Going to the bathroom is bad for you. There is a good chance you could one day die from it. You will feel better once you no longer go to the bathroom. You only started doing it because you wanted to feel sexy, older, invincible, and now you find yourself doing it all the time – with no memory of why you even do it.

You feel like you have to do it. Like you need to. But secretly – it’s a want. Yes – once you stop completely – you will feel the old urge creeping up – you see toilets – toilet paper – other people doing it – everywhere, reminders. But you will remain strong. It is not a habit, it is an addiction. It is something you are USED to doing.

There will be no cutting back. You will just stop. You will find your life to be better. You will have more energy. You will no longer be a slave. And soon enough – you will no longer have to go to the bathroom.

Aha.

I think that this is how Smokers feel when they their loved ones demand – or they demand of themselves – to stop. This is really how it feels. ‘ You want me to stop what? But – but that’s a thing that I DO. You don’t understand. It’s a thing that I’m used to doing.’

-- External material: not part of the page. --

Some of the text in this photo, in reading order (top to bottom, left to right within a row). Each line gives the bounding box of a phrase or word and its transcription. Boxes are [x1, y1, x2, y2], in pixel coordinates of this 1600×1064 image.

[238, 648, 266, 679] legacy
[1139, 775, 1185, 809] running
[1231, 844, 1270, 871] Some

It really is like somebody telling you like you should no longer breathe, it’s dangerous. Stop peeing, immediately. If you could only see your lungs! If I could only put them in your hands!

The thing is – you can’t tell a smoker no. You can’t reason with a smoker. They know the consequences, and the more they know them, the more they choose to IGNORE them. You could place the dead body of a lung cancer victim on their lap. More than anything, in that moment, they would want a cigarette.

Obviously what really needs to happen is a total re-vamping of the mental attitude towards the cigarette. It is not a best friend, a reliable friend, present at parties, after huge dinners, with wine, without wine, early morning, mid-afternoon, right before bed, walking to work, 45 minutes before and after the gym, in dreams, in anxious twitching of the feet and hands.

It is – instead – something unnecessary. Not evil, per se – this the wrong way to go about it. If it’s EVIL – then we want it. More than anything. If you try and quit this way – it’s like you are constantly DENYING and DEPRIVING yourself. When you see other people smoking, you are jealous. If come to learn and realize that you don’t even NEED it – it’s like you never gave anything up – you just changed your life for the better.

I believe in God, in the cute ignorant way that conflicted kids raised in Religious homes grow up to embody. But I do. And lately – random people on the street keep yelling at me to quit smoking. Well- sometimes they yell- driving by in a van – sometimes it’s a quiet thing – mumbled as they pass. And I am really not imagining it. I really feel this message coming on strong – there’s never a right time, so the time is now.

Maybe I feel all self-help and guru-ish because I’ve been reading Alan Carr’s ‘Easy way to Quit Smoking.’

This book really makes me feel less afraid is is changing my whole attitude towards my – er – dependency. I don’t want to cry about it anymore – I just want to try.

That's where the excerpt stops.